● **TASK REQUIREMENTS**:
Only the text of the records belongs in the answer, copied exactly, with every picture omitted.

------------------------------------------------------------

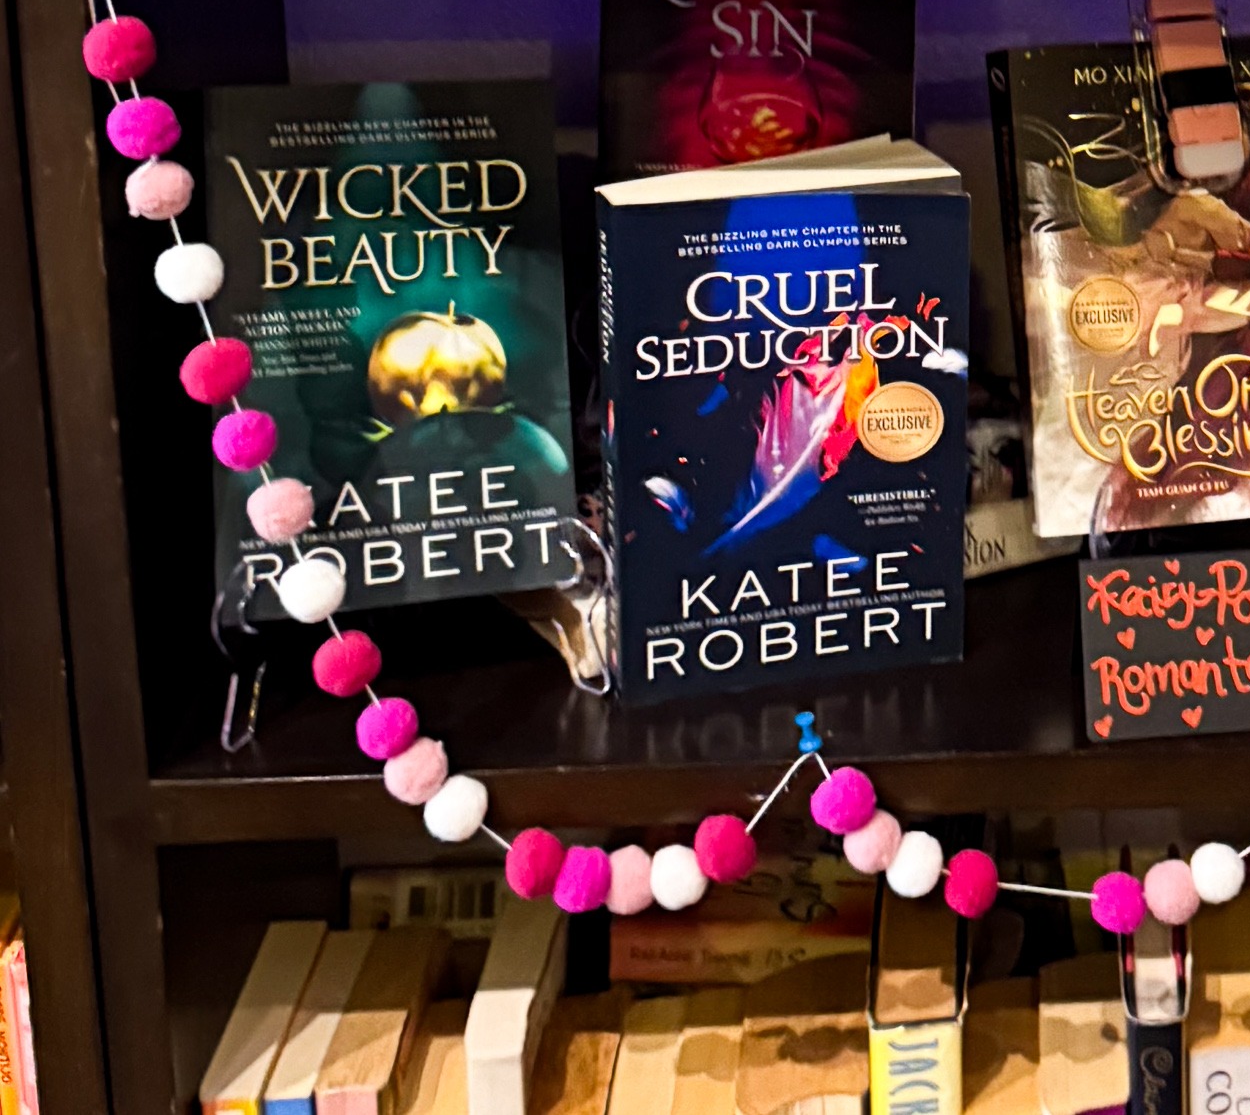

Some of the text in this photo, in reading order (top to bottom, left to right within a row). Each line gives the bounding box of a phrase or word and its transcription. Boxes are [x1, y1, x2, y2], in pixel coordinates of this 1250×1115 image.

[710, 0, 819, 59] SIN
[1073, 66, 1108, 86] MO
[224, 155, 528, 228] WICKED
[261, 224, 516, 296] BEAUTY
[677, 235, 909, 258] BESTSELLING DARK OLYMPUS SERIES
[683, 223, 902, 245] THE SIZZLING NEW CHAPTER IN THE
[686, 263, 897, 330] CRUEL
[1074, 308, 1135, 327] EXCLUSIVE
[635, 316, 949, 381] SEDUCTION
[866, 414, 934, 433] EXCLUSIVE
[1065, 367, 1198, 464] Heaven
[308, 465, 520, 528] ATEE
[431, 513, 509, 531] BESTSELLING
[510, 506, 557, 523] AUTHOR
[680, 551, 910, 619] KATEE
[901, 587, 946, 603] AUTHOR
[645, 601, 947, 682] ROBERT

------------------------------------------------------------

● **EXERCISE SOLUTION**:
Some of the text in this photo, in reading order (top to bottom, left to right within a row). Each line gives the bounding box of a phrase or word and its transcription. Boxes are [x1, y1, x2, y2], in pixel coordinates of this 1250×1115 image.

[710, 0, 819, 59] SIN
[1073, 66, 1108, 86] MO
[224, 155, 528, 228] WICKED
[261, 224, 516, 296] BEAUTY
[677, 235, 909, 258] BESTSELLING DARK OLYMPUS SERIES
[683, 223, 902, 245] THE SIZZLING NEW CHAPTER IN THE
[686, 263, 897, 330] CRUEL
[1074, 308, 1135, 327] EXCLUSIVE
[635, 316, 949, 381] SEDUCTION
[866, 414, 934, 433] EXCLUSIVE
[1065, 367, 1198, 464] Heaven
[308, 465, 520, 528] ATEE
[431, 513, 509, 531] BESTSELLING
[510, 506, 557, 523] AUTHOR
[680, 551, 910, 619] KATEE
[901, 587, 946, 603] AUTHOR
[645, 601, 947, 682] ROBERT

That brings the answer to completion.